Memorable insights from the session
- “The longer you wait, the harder it gets.” Big rewrites don’t get cheaper with time; delay raises risk and complexity.
- “It should never be just a top‑down decision.” Developer buy‑in is essential for a sustainable framework choice.
- Documentation is a must‑have. Easy, current, understandable docs cut learning time, reduce errors, and boost delivery.
- Prototypes beat assumptions. A two‑day hackathon can provide more certainty than weeks of debate.
- “Switch fast and without hard feelings” if limits appear. That mindset avoids getting stuck with a poor decision.

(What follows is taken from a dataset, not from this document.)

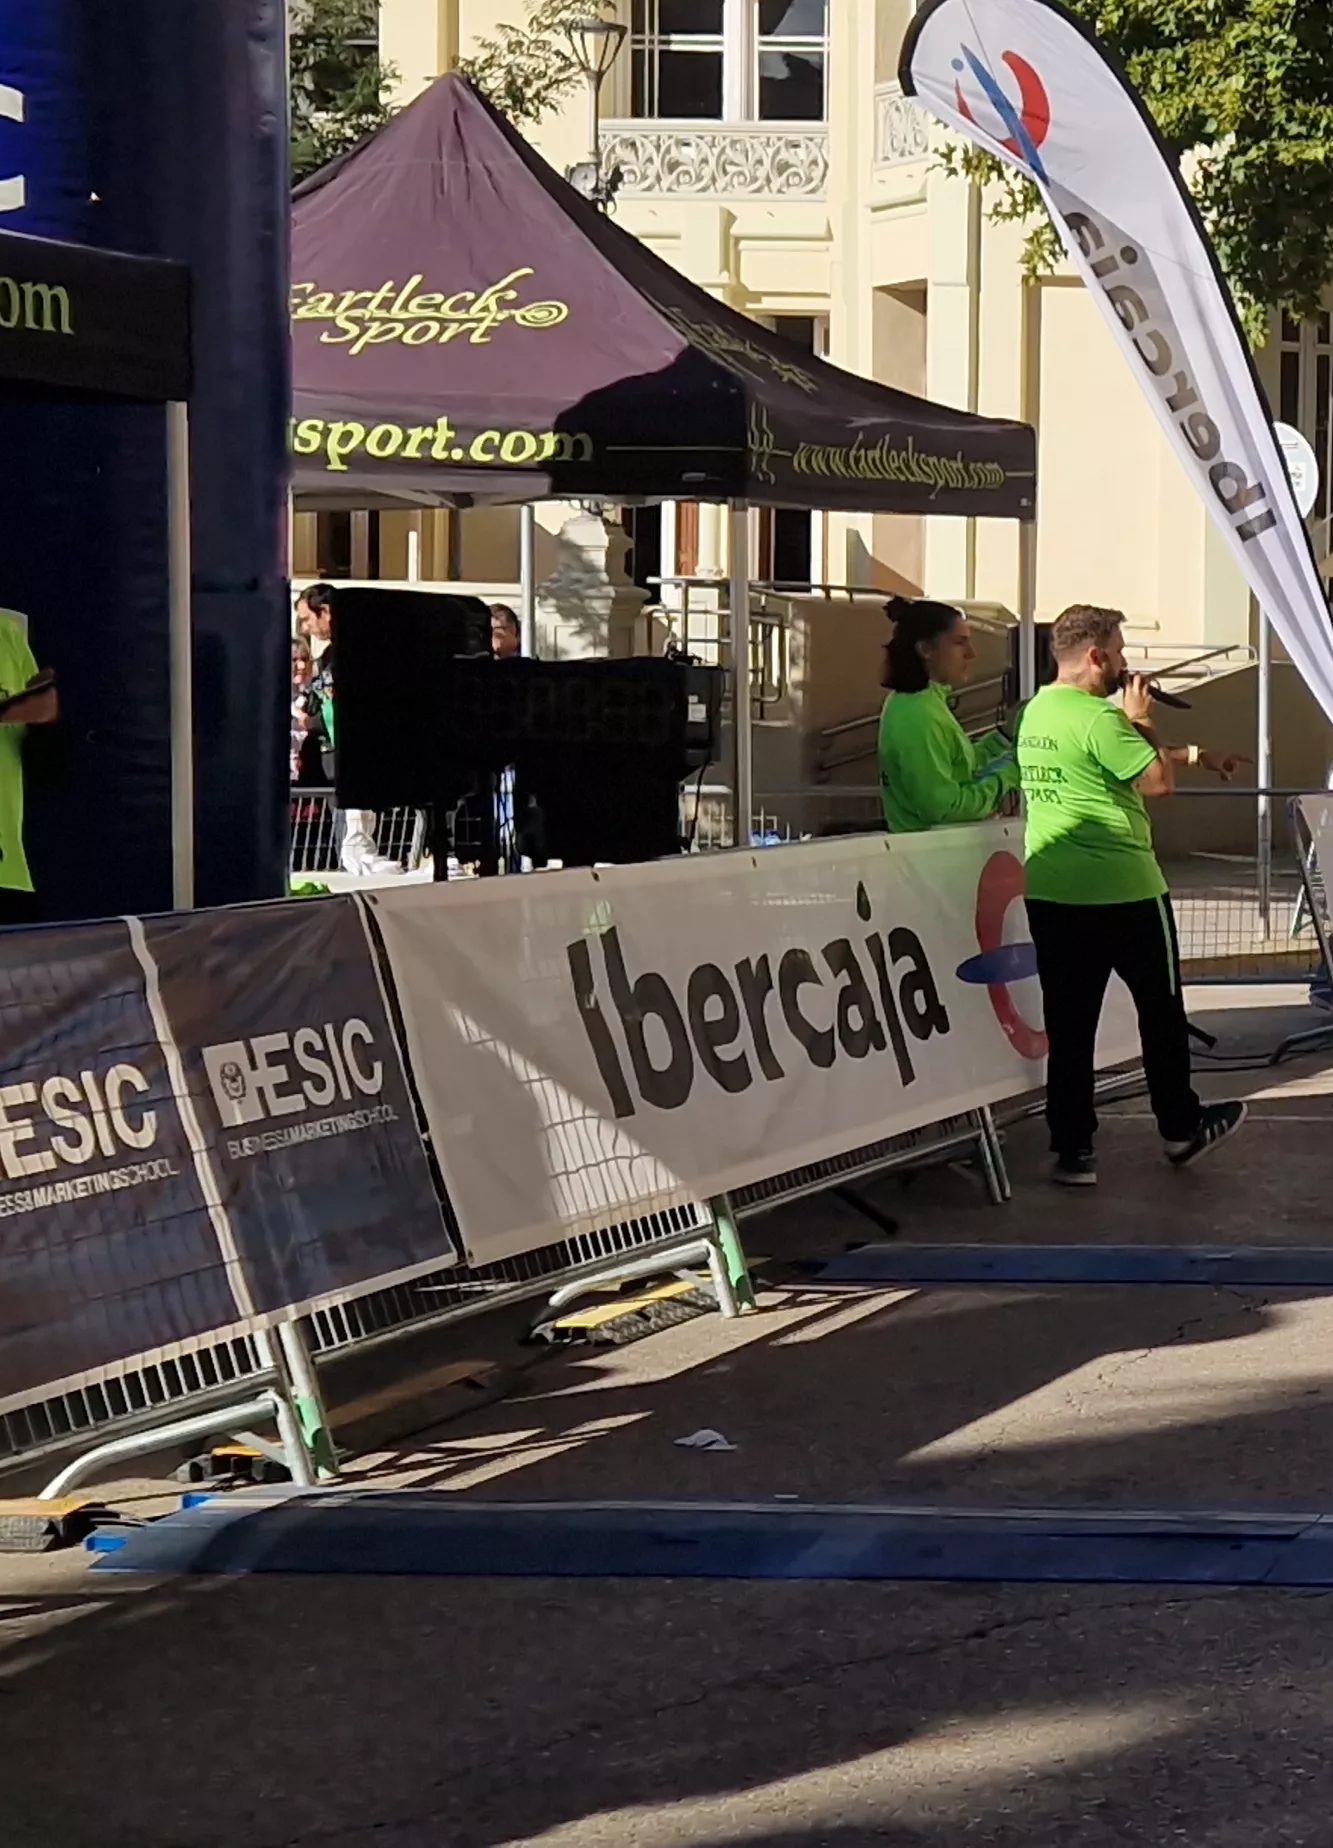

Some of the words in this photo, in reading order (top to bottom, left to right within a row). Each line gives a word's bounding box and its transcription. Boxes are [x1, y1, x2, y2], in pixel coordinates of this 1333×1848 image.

Practical application: From a fork in the road to a stable outcome
TimeTac faced the classic triad—stay, slowly migrate, or rebuild—and chose the rebuild. Along the way, they:
- grounded the need to switch (support, maintainability, performance, developer market),
- ensured timing made sense (product stability, revenue, resourcing, feature‑freeze, buy‑in),
- narrowed the field systematically (requirements, surveys, hard data, weighting),
- involved the team (skills survey, preference poll),
- made a data‑backed decision (React) and an important platform call (TypeScript),
- and de‑risked the move through prototypes, iteration, and a learning‑oriented tooling culture.
The resulting stack—Redux, React Router, Material UI, Luxon, RxJS, Jest + Testing Library, TimeTac’s own open‑source backend communication module, Electron, FullCalendar, and GitHub pipelines—wasn’t preordained; it was earned through small, fast experiments.
Conclusion: Decisions that last—because the team owns them
From DevJobs.at’s editorial seat, the standout quality of “How to pick the next Front End Framework” isn’t the naming of a single “winner,” but the discipline of the process. Tomi Močnik (TimeTac) demonstrates how to make a core technology choice without dogma, hype, or paralysis:
- research over gut feel,
- hard data plus the team’s voice,
- prototypes over PowerPoint,
- and the humility to adjust course.
What you get is a stack your team carries, that fits your product, and that leaves room to evolve. That’s what durable technology decisions feel like.
Key takeaways for engineering teams
- Don’t switch out of reflex—switch out of necessity, and only when product and organization can absorb the cost.
- Define requirements precisely. Components, documentation quality, developer tooling, and cost need to be explicit early.
- Let trends inform you, not decide for you.
- Measure hard data and use a weighted, transparent evaluation.
- Reduce the field early and test fit against your current stack and team knowledge.
- Give developers a real voice—skills survey, preferences, and shared voting.
- Validate with prototypes and iterate without ego.
- Compose your ecosystem deliberately—from state and routing to UI, testing, automation, and desktop.
- Build a culture that enables frequent, small, controlled improvements.
That’s how a thorny dilemma becomes a confident decision—and how that decision becomes a platform you can ship with, day after day, for years to come.